Умом он прекрасно понимал, что навещать мать нужно, тем более что ей к этому времени было уже под шестьдесят, да и скучала она по нему. Но что-то никак ему это дело не давалось. Всегда возникали какие-то причины — то времени не хватает, то решит, что навестит, да забудет, вспомнит уже вечером. Короче говоря, что-то странное — ноги не несут, и баста! Надо, а с силами не собраться, и главное — чувство долга есть, а внутренней потребности — днем с огнем не найти.

Конечно, просто так, с улицы, с такой проблемой к психотерапевту не заходят, но поскольку дорога известна, то почему бы не спросить. Вдруг подскажет чего... Я попросил Алексея рассказать мне самые ранние эпизоды, что он помнил из своей детской жизни. Он рассказывал мне о том, о другом, третьем — все какие-то обрывки, истории-зарисовки: он и мама—в доме у ее родителей, где они жили, он и мама — на летнем отдыхе, он и мама — по дороге в школу.

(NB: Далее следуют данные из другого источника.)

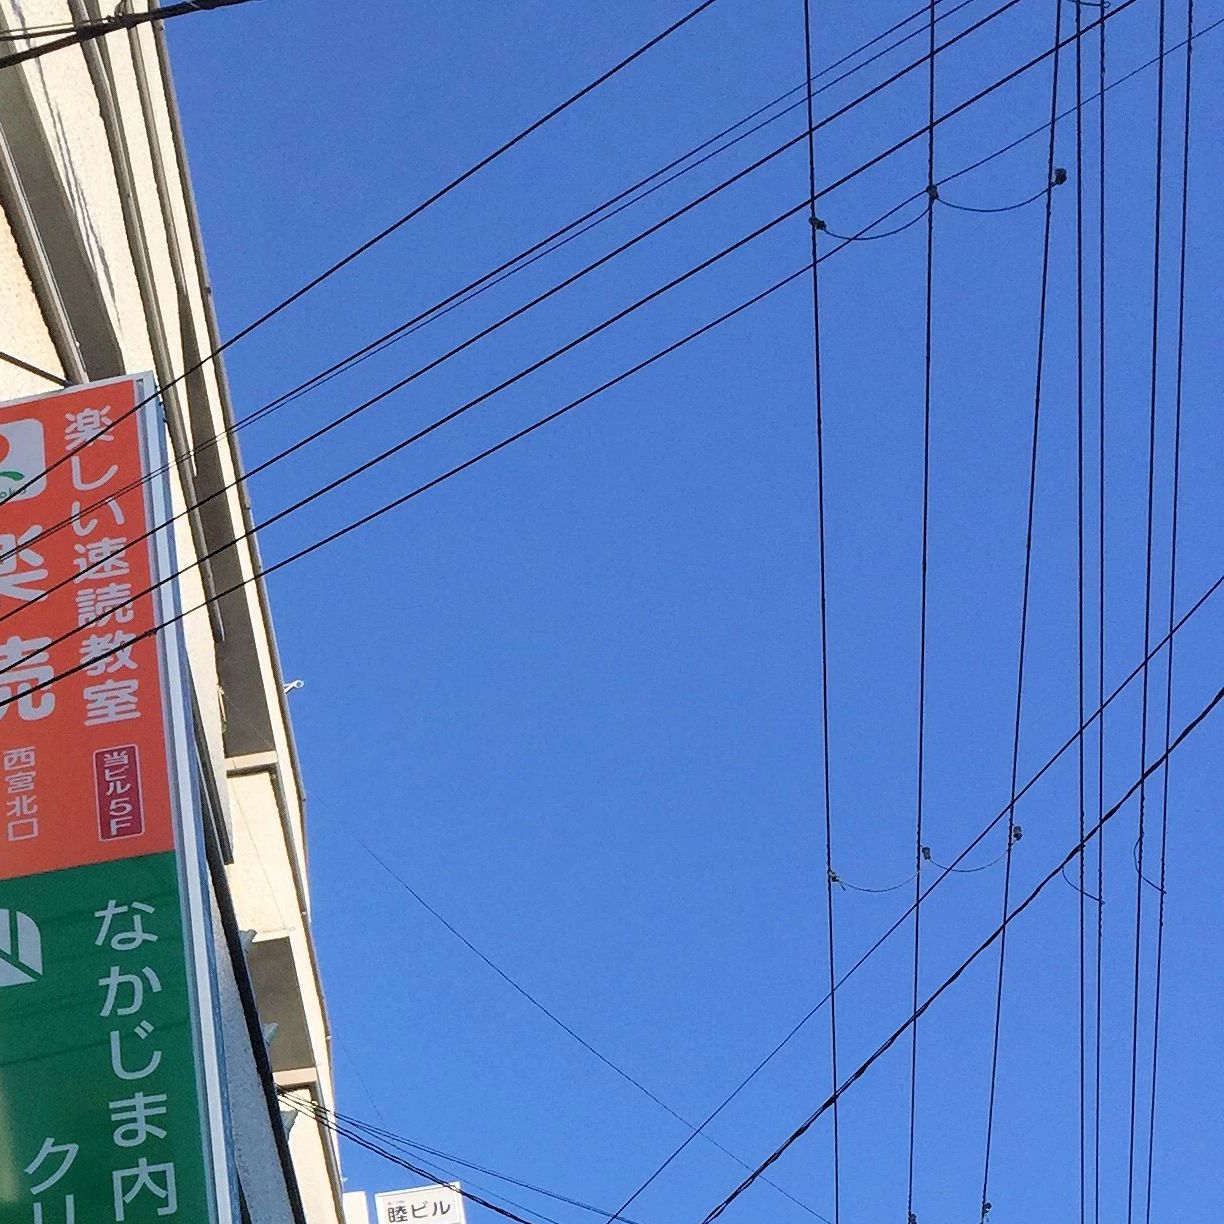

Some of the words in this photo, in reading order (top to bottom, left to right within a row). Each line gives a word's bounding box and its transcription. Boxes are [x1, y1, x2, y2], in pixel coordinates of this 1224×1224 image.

[64, 404, 143, 727] 楽しい速読教室
[1, 745, 40, 841] 西宮北口
[102, 749, 134, 835] 当ビル5F
[387, 1200, 451, 1223] 睦ビル

Мало-помалу он стал вспоминать случаи своего унижения матерью. Он вспоминал, как ему было обидно, когда мама вставала на сторону его обидчиков — ребят из деревни, где он проводил с ней лето, детей, приходивших к нему в гости, если между ними возникали какие-то разногласия, его двух двоюродных братьев, которые были старше и пользовались большим расположением ее родителей. Почему она так поступала, ему всегда было непонятно.

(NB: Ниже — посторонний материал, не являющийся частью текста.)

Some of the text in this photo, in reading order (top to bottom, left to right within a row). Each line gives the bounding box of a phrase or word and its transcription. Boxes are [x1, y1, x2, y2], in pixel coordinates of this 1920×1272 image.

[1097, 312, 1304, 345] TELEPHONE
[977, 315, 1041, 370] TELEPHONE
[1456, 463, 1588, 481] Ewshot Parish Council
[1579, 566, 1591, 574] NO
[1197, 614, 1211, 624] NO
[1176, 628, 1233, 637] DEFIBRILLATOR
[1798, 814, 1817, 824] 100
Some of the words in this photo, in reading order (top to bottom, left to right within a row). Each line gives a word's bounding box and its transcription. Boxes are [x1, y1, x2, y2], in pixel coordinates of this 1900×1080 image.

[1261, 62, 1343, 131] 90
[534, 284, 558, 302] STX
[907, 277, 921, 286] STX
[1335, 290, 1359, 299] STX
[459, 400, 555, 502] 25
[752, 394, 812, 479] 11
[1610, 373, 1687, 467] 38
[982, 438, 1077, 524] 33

Умом он понимал, что мама его любит, но то, что она предпочитала ему других детей, глубоко его ранило. Она объясняла применяемые к нему меры наказания как способ заставить Алексея быть менее конфликтным, не выпячивать свое мнение, не спорить и не ссориться с детьми. Алексею это было непонятно, ведь всякий его поступок казался ему естественной реакцией. Если у тебя отбирают игрушку — почему не возмущаться? Если тебя не слушают — почему тебе не ввязаться в драку? Для малыша эти реакции — норма, он так защищает себя и свой статус в социальной группе, среди сверстников. Почему он должен быть «хорошим», когда другие поступают «плохо»?